New Employment Laws for 2026

California’s 2025 legislative session introduced important changes impacting employers and employees. Out of a total of 917 bills, 794 became law, including approximately 70 that focused on employment issues. Employers should act promptly to ensure compliance with the new regulations, effective Jan. 1, 2026, unless otherwise specified.

California’s minimum wage has increased from $16.50 per hour to $16.90 per hour. The increase also affects the minimum salary threshold for exempt employees, raising it from $68,640 per year (or $5,720 per month) to $70,304 per year (or $5,858.67 per month).

Employers must also be mindful of local minimum wage increases. For information on which cities/counties are set for a January 1 increase, review the UC Berkeley Labor Center’s inventory of city and county minimum wage information.

AB 406 – Victims of Violence (Effective Oct. 1, 2025)

AB 406 restores and recasts specific Labor Code sections that were deleted by last year’s AB 2499 (expanded employee protections for victims of “qualifying acts of violence” and their family members, aligning these rights with the Fair Employment and Housing Act). AB 406 provides important clarifications regarding jurisdiction over claims between the Division of Labor Standards Enforcement and the Civil Rights Department.

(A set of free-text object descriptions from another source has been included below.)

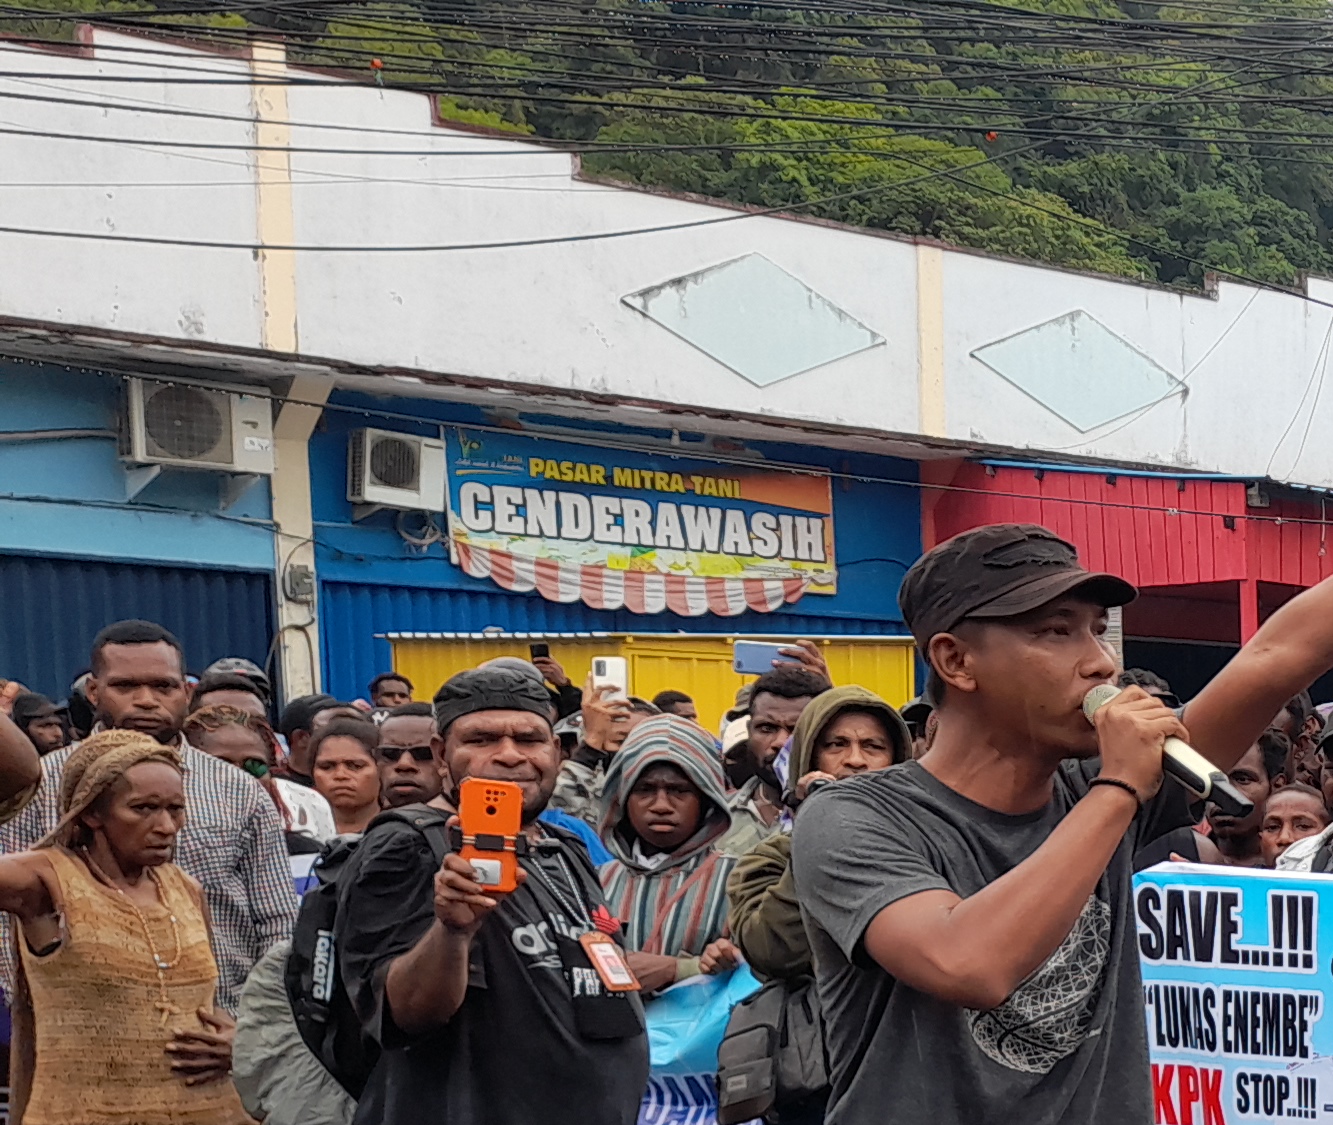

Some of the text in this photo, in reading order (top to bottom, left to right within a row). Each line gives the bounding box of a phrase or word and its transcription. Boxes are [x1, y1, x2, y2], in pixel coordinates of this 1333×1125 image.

[528, 457, 606, 485] PASAR
[613, 466, 686, 494] MITRA
[691, 475, 741, 498] TANI
[459, 481, 826, 563] CENDERAWASIH
[1137, 886, 1313, 969] SAVE...!!!
[1236, 1071, 1317, 1119] STOP..!!!

The restored Labor Code sections now align with the Fair Employment and Housing Act (FEHA), specifically incorporating existing provisions that allow crime victims to utilize paid sick leave for crime-related purposes. These changes clarify that employees may use paid sick leave for jury duty and for court appearances when serving as witnesses under subpoena, in addition to expanded unpaid leave rights to support victims of serious crimes and their designated family members. The legislation also reinforces employers’ obligations to provide written notice of these rights, maintain strict confidentiality, offer reasonable accommodations and allow the use of accrued paid leave for activities connected to crime or abuse.

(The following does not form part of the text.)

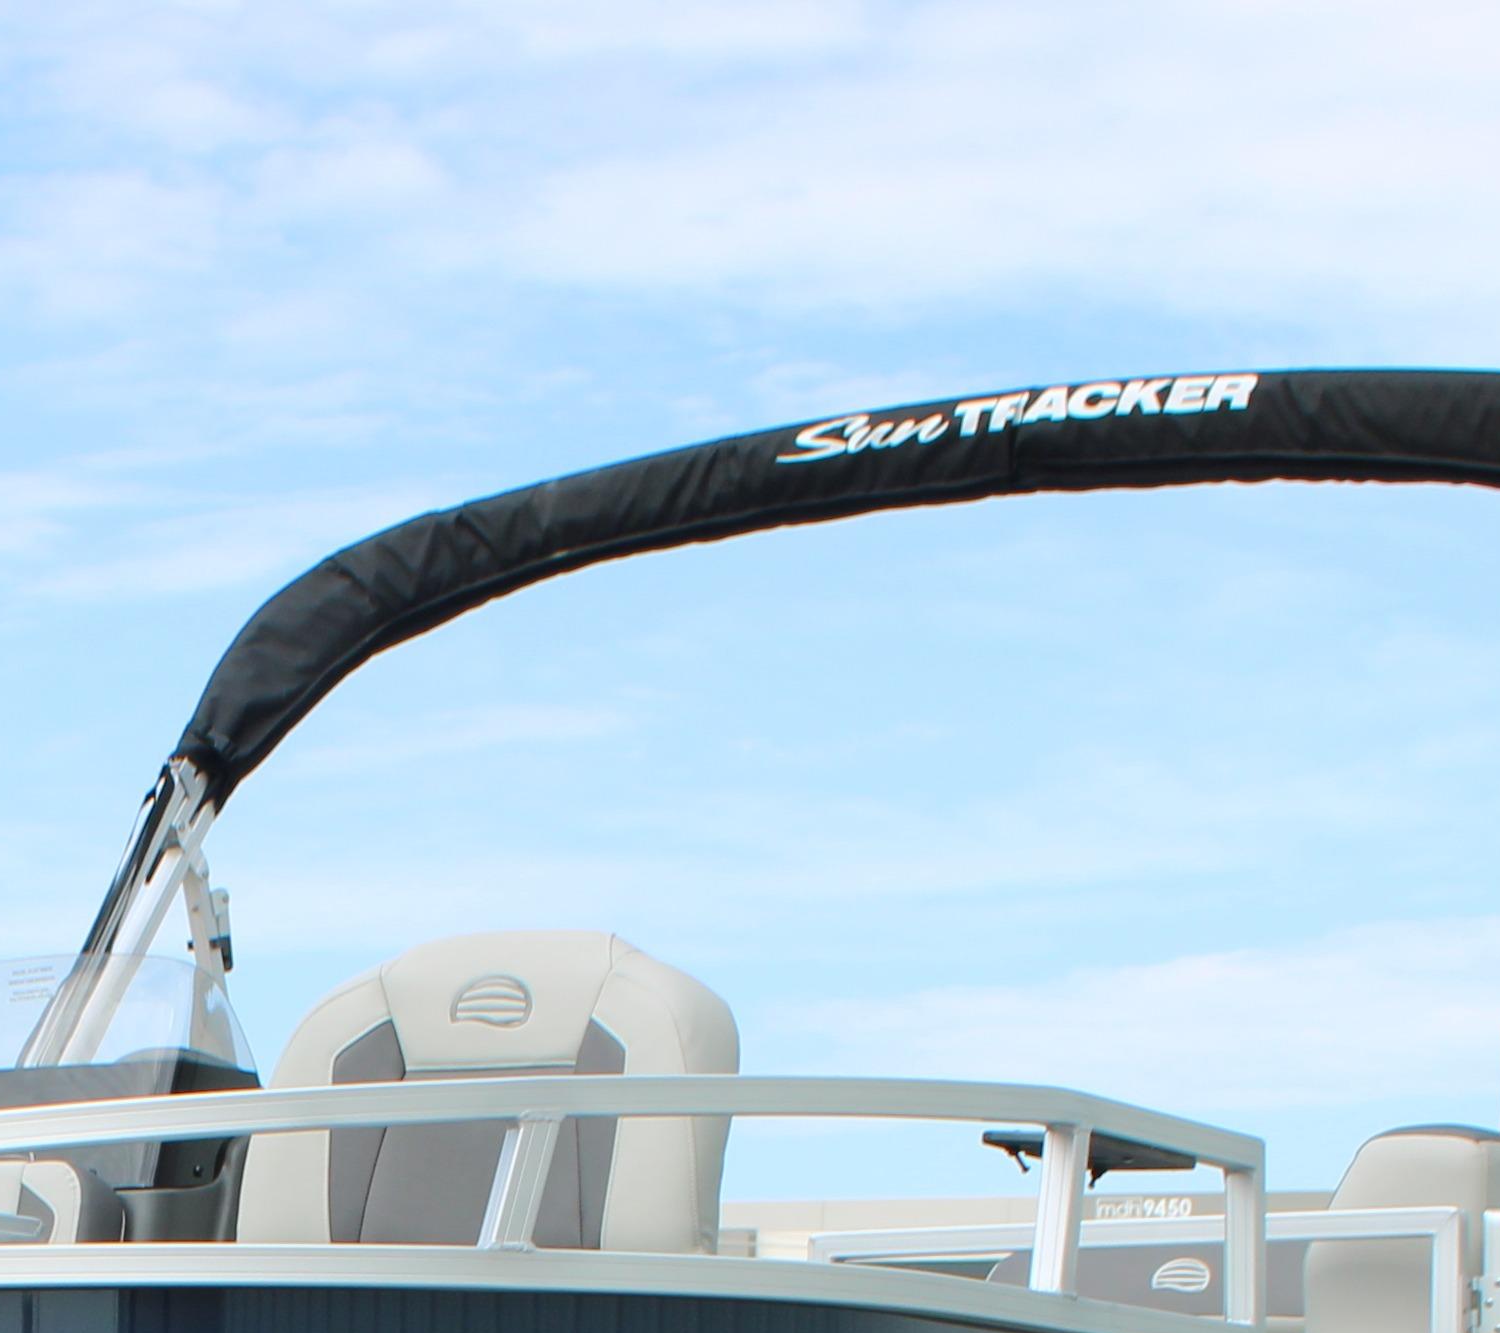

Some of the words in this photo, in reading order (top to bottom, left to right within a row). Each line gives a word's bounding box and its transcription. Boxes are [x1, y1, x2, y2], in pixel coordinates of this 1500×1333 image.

[775, 413, 951, 464] Sun
[953, 373, 1260, 438] TRACKER
[1143, 1197, 1193, 1217] 9450

SB 303 – Bias Mitigation Training (Effective Oct. 1, 2025)

SB 303 strengthens an employer’s ability to provide bias mitigation training. Effective Oct. 1, 2025, SB 303 clarifies that an employee’s good-faith participation in bias mitigation training—including self-assessment, testing, or acknowledgment of implicit biases—cannot, by itself, be considered unlawful discrimination.

SB 303 is meant to encourage employers to conduct bias mitigation training, including self-reflection exercises, workshops and facilitated discussions, without fear of legal retaliation or discrimination claims arising solely from those activities.

The statute explicitly states that such participation will not constitute unlawful discrimination as long as it’s conducted in good faith and is intended as part of comprehensive bias mitigation training.

SB 464 – Employer Pay Data (Job categories expand effective Jan. 1, 2027)

SB 464 makes key updates to pay data reporting requirements. Employers must now collect and store demographic data for reporting separately from personnel records. Beginning Jan. 1, 2027, the number of job categories to report will expand from 10 to 23
(See Govt. Code Sec. 12999(b)(1(A-W)). Courts are also now required to impose civil penalties if employers fail to submit reports when requested by the Civil Rights Department, emphasizing the importance of compliance.

SB 261 – DLSE: Orders, Decisions and Awards

SB 261 requires the Labor Commissioner to post a copy of any order, decision or award on its website no later than 15 days from when the deadline to appeal the decision expired, and no appeal is pending.

SB 261 also requires the Labor Commissioner to post the information of employers with unsatisfied judgments when the time to appeal has expired and no appeal is pending, with provisions for the removal of such information and advance notice to such an employer. Additionally, SB 261 creates a new civil penalty of three times the outstanding judgment when an employer has a final judgment for nonpayment of wages that has remained unsatisfied for 180 days after the time to appeal has expired and that has no appeal pending.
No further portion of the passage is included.